For older adults living with dementia, care transitions from acute or subacute care back to their community can have adverse outcomes such as hospital readmissions, medication errors, or even permanent nursing home placement. To address these adverse outcomes, Transition Care Management (TCM) codes were introduced by the Centers for Medicare and Medicaid Services (CMS) in October 2012. The efficacy of TCM codes has not been examined in the population of persons living with dementia. Thus, this study examines the effect of TCM codes on hospital readmission rates and hypothesizes that TCM codes are effective in decreasing readmission rates after care transitions for persons living with dementia.
After an extensive literature review, we identified the Bynum Standard method for identifying persons living with dementia. We used a linked dataset from the Health and Retirement Study (HRS) and CMS claims to identify persons living with dementia with a hospital discharge between 2015 and 2018.

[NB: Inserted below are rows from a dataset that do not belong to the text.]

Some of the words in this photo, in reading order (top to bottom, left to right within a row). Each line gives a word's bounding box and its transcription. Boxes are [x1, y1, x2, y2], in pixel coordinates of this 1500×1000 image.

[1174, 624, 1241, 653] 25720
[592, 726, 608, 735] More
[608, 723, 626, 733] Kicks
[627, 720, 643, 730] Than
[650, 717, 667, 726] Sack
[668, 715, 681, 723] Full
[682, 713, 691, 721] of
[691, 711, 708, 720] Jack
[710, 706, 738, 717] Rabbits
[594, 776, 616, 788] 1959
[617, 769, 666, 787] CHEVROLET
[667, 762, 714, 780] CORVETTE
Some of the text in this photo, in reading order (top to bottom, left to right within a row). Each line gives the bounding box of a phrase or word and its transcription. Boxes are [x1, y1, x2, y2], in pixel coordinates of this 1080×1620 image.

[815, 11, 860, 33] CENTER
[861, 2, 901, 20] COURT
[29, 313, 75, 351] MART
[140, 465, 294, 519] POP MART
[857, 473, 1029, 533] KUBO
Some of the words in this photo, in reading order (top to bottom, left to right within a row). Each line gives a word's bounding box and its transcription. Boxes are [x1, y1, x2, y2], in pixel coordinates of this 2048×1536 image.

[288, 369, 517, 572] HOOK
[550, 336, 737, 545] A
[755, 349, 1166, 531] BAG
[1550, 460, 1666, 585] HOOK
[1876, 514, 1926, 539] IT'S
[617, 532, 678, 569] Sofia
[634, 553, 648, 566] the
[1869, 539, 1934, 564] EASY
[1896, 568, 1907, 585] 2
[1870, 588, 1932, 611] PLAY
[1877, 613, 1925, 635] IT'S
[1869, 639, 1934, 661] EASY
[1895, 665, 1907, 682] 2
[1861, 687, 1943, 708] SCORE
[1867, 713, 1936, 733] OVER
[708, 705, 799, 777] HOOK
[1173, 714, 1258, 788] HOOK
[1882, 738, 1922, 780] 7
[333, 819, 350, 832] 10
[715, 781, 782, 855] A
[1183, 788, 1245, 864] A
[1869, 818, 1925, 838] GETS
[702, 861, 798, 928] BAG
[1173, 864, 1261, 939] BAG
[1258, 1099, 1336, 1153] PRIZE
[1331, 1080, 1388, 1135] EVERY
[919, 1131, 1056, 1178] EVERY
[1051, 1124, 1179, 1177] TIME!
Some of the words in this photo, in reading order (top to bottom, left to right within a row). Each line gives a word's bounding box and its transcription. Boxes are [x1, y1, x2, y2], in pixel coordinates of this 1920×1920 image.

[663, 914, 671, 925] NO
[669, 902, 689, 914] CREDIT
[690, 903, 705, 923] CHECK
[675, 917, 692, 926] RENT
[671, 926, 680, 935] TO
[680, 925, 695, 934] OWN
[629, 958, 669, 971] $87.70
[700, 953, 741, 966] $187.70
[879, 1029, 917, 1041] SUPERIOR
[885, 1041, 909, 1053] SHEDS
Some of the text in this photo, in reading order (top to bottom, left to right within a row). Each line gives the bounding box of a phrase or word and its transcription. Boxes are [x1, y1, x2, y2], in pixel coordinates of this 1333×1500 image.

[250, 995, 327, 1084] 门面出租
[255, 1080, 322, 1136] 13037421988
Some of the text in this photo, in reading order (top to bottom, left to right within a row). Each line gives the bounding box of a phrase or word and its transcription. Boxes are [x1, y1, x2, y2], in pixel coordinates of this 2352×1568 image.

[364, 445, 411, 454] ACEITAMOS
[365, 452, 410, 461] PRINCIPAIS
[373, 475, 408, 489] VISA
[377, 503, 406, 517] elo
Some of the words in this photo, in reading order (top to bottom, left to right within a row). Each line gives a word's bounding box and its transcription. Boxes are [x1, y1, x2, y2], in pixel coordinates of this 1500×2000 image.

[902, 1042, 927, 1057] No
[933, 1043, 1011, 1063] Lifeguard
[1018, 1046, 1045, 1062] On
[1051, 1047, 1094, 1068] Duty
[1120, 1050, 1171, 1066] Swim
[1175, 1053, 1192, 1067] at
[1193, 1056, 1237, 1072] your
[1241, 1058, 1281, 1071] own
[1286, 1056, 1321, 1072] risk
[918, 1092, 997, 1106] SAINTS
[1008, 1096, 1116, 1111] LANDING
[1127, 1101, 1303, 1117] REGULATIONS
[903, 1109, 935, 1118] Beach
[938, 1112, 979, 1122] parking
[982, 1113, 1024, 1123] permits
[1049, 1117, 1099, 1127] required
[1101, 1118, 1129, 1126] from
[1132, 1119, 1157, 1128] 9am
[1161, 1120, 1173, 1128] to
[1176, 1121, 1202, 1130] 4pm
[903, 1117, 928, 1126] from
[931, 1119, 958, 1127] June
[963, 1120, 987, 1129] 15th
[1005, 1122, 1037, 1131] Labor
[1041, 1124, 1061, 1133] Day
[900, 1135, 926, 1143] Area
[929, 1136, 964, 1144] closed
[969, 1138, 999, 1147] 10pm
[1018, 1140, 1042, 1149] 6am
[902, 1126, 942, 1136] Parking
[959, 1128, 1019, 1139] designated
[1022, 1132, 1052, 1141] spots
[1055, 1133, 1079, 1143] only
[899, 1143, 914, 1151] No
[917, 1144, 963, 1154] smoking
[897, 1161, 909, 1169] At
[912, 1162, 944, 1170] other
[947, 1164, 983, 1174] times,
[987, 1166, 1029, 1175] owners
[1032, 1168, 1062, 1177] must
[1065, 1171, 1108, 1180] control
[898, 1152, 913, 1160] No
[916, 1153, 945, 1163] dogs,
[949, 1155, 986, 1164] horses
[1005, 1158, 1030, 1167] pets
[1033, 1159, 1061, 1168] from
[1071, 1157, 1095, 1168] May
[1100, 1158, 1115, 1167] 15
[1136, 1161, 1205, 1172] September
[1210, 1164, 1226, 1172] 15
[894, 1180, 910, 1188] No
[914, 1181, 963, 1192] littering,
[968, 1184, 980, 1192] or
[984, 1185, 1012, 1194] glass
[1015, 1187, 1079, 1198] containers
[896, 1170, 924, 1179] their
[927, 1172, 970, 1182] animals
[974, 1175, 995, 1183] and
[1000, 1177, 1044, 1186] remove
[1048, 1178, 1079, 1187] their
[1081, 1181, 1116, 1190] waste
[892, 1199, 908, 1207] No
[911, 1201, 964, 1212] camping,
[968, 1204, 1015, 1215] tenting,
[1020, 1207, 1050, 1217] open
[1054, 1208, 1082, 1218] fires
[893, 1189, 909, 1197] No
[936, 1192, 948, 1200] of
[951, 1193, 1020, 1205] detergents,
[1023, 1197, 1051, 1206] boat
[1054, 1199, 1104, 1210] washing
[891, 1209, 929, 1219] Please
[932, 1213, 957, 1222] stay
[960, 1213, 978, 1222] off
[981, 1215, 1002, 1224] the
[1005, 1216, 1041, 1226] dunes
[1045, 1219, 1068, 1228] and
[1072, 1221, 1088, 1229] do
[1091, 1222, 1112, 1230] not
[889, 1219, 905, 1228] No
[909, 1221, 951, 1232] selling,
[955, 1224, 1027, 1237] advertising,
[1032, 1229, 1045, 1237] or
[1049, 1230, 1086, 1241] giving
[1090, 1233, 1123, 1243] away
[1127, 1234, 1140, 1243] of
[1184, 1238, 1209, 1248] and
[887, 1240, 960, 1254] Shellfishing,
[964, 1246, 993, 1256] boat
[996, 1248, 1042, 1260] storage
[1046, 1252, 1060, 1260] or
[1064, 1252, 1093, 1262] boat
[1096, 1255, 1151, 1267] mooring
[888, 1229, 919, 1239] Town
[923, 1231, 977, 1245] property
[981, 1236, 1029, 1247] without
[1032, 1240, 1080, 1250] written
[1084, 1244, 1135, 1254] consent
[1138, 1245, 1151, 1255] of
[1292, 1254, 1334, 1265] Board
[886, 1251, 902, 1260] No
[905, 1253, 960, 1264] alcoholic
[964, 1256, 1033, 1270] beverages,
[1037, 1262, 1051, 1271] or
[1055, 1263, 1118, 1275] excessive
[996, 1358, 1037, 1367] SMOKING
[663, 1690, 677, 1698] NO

Our initial search has identified a cohort of 4,282 persons living with dementia.
1,584 (37%) are male and 2,698 (63%) are female. 3,433 are White, 656 are Black, 126 are Hispanic, 14 are Native American, 4 are Asian, and 49 are either of another race or did not report their race.
Conclusion and Potential Impact:
Thus far, we have identified a cohort of persons living with dementia from HRS-CMS linked data but have yet to identify who have had the TCM codes used by their provider. In the future, we will examine the effect that TCM codes have on hospital readmission rates within the studied population. Not only will this study determine if these billing codes provide effective care, but it can also tell us if it aids historically underserved groups.